When your surgeon performs the modified maze procedure at the same session as another surgery in 2007, you may have to write it off because existing codes 33254-33256 are only for stand-alone procedures.
But 2008 brings better options. In January, you-ll have three new add-on codes (33257-33259) for when your surgeon performs the modified-maze along with a primary procedure. The three new codes break down into limited, extensive without cardiopulmonary bypass and extensive with cardiopulmonary bypass.
More new cardiovascular surgery codes:
- When your doctor collects a blood specimen, you-ll have two new codes. CPT code 36591 covers collection from a completely implantable Venous Access Device (VAD), while 36592 covers collection from an established central or peripheral venous catheter, which is -not otherwise specified.-
- A cutting-edge aortic valve graft procedure, known as the Tirone David Procedure or the Yacoub Procedure, gets its own code (33864). This involves an ascending aorta graft with a cardiopulmonary bypass for valve suspension. It also includes coronary reconstruction and -valve-sparing aortic annulus remodeling.-
Because the aortic valve is such a complex structure, no valve prosthesis can duplicate its function. So surgeons have developed procedures that either spare the aortic valve or replace it with -very similar autologous tissue,- according to an Aug. 2006 article in the German journal Herz. (-Reconstructive surgery of the aortic valve: the Ross, David and Yacoub Procedures.-)

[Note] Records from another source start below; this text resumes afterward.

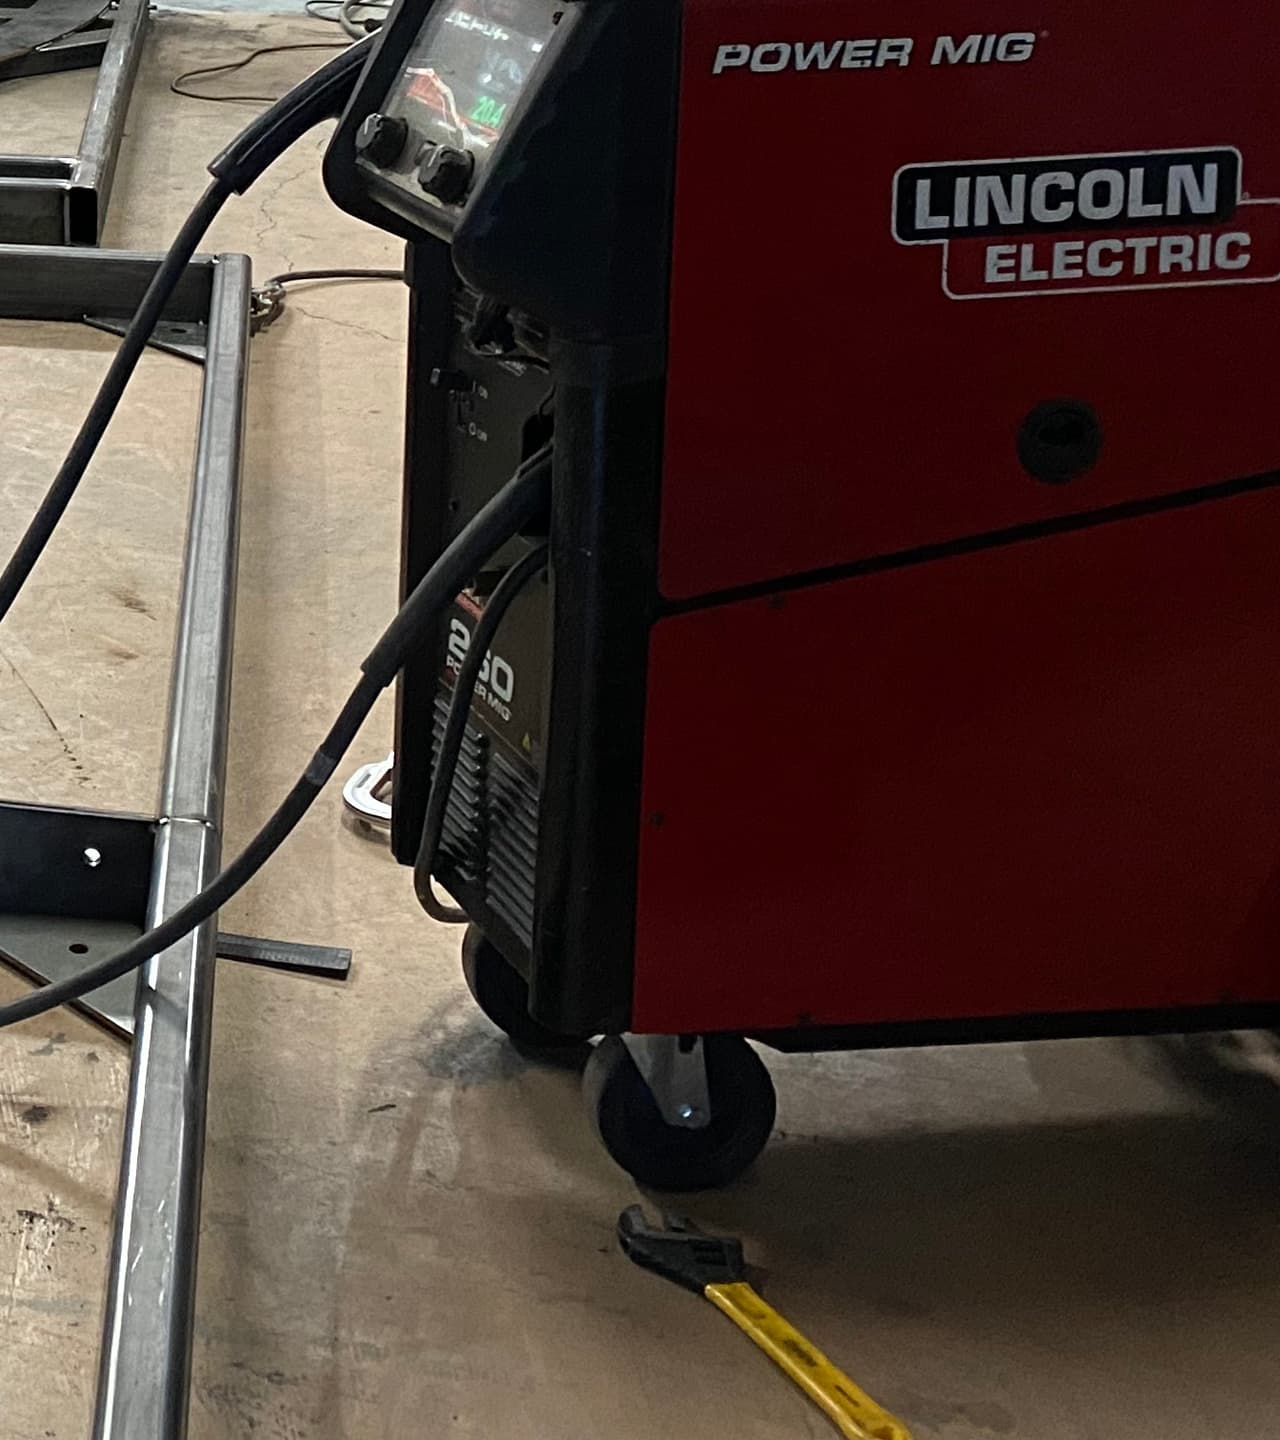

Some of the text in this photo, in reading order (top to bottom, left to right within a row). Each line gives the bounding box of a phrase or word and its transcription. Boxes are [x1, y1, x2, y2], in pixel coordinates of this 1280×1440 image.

[712, 32, 1036, 74] POWER MIG
[913, 163, 1219, 230] LINCOLN
[984, 232, 1251, 284] ELECTRIC
[445, 654, 513, 722] POER MIG
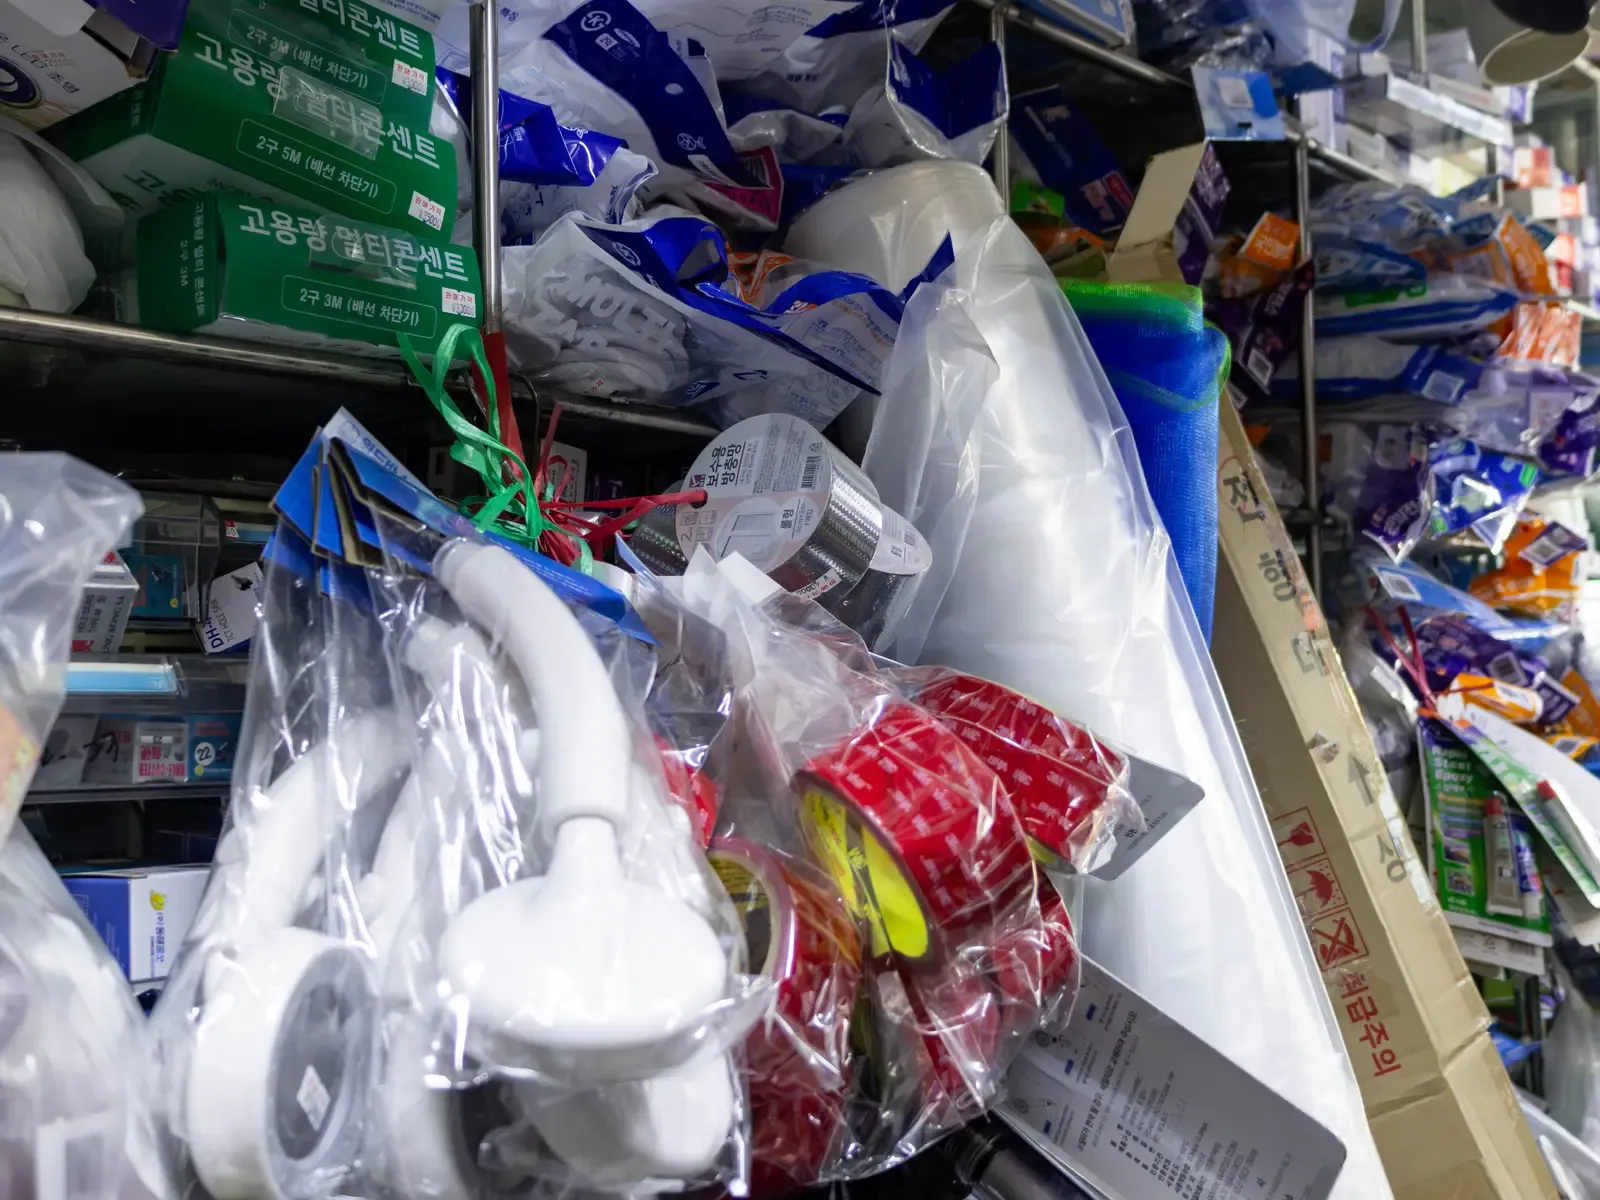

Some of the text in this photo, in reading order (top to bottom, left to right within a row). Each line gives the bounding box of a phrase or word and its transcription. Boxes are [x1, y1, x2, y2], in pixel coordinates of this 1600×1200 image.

[194, 32, 289, 100] 고용량
[246, 25, 369, 89] 2구 3M (배선 차단기)
[256, 135, 379, 199] 2구 5M (배선 차단기)
[238, 204, 469, 282] 고용량 멀티콘센트
[300, 288, 420, 328] 2구 3M (배선 차단기)
[706, 444, 726, 487] 보수용
[721, 444, 741, 485] 방충망
[1340, 972, 1402, 1076] 취급주의
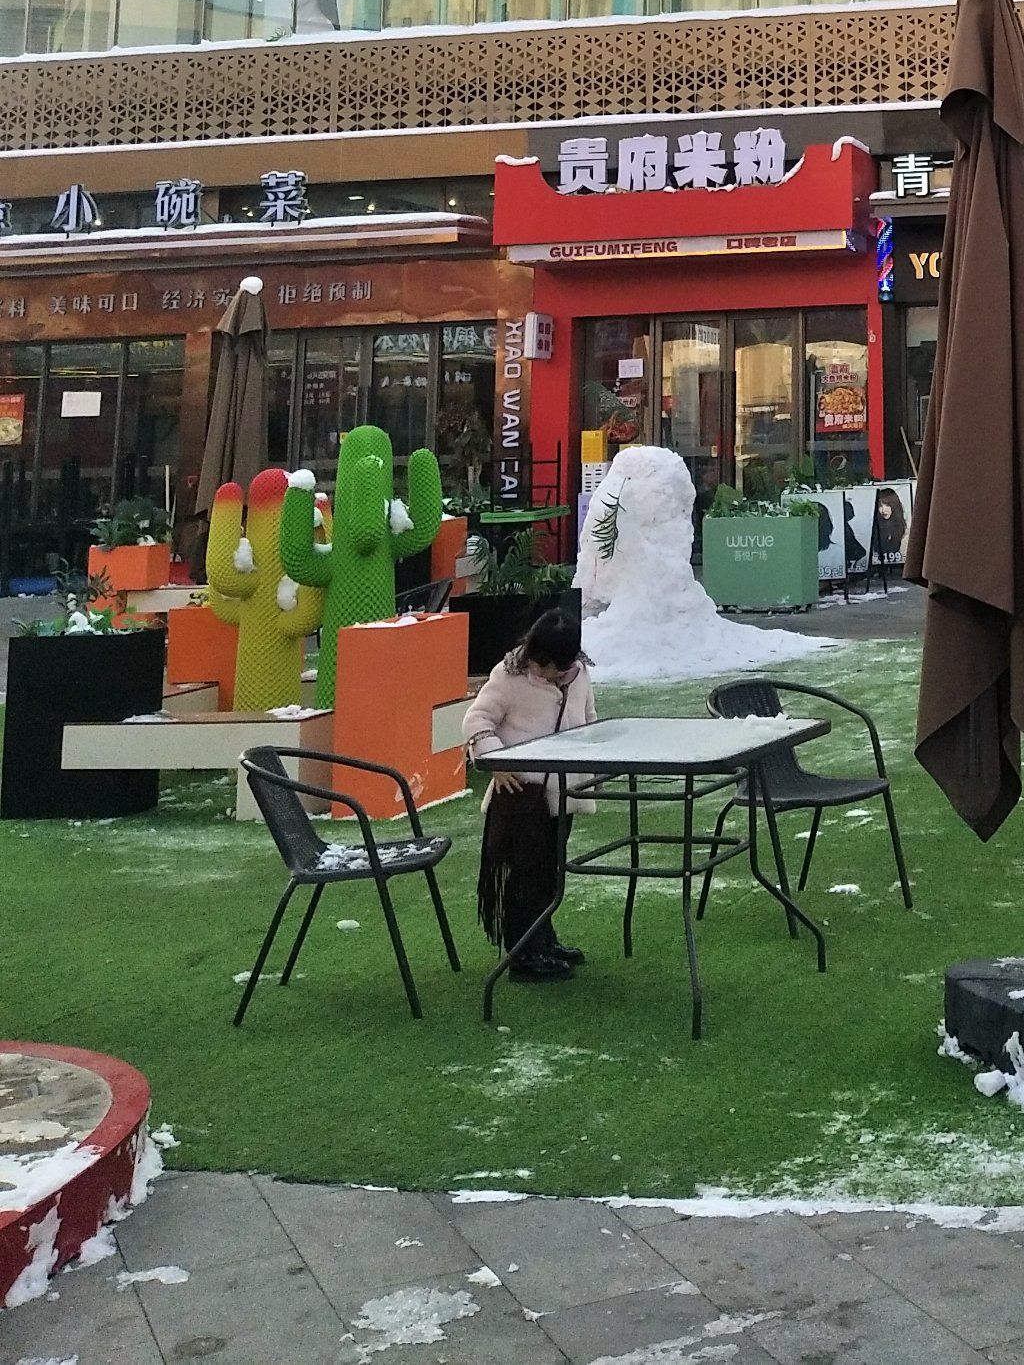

- When your physician places a wireless physiologic sensor in the aneurismal sac during an endovascular repair, you-ll have a new code (34806) to report this procedure. It includes radiological supervision and interpretation, instrument calibration, and collection of pressure data. There's also a new code for a bypass graft with vein, in the brachial-ulnar or brachial-radial region (35523).
- You can report declotting by a thrombolytic agent, or implanted vascular access device or catheter, using new code 36593.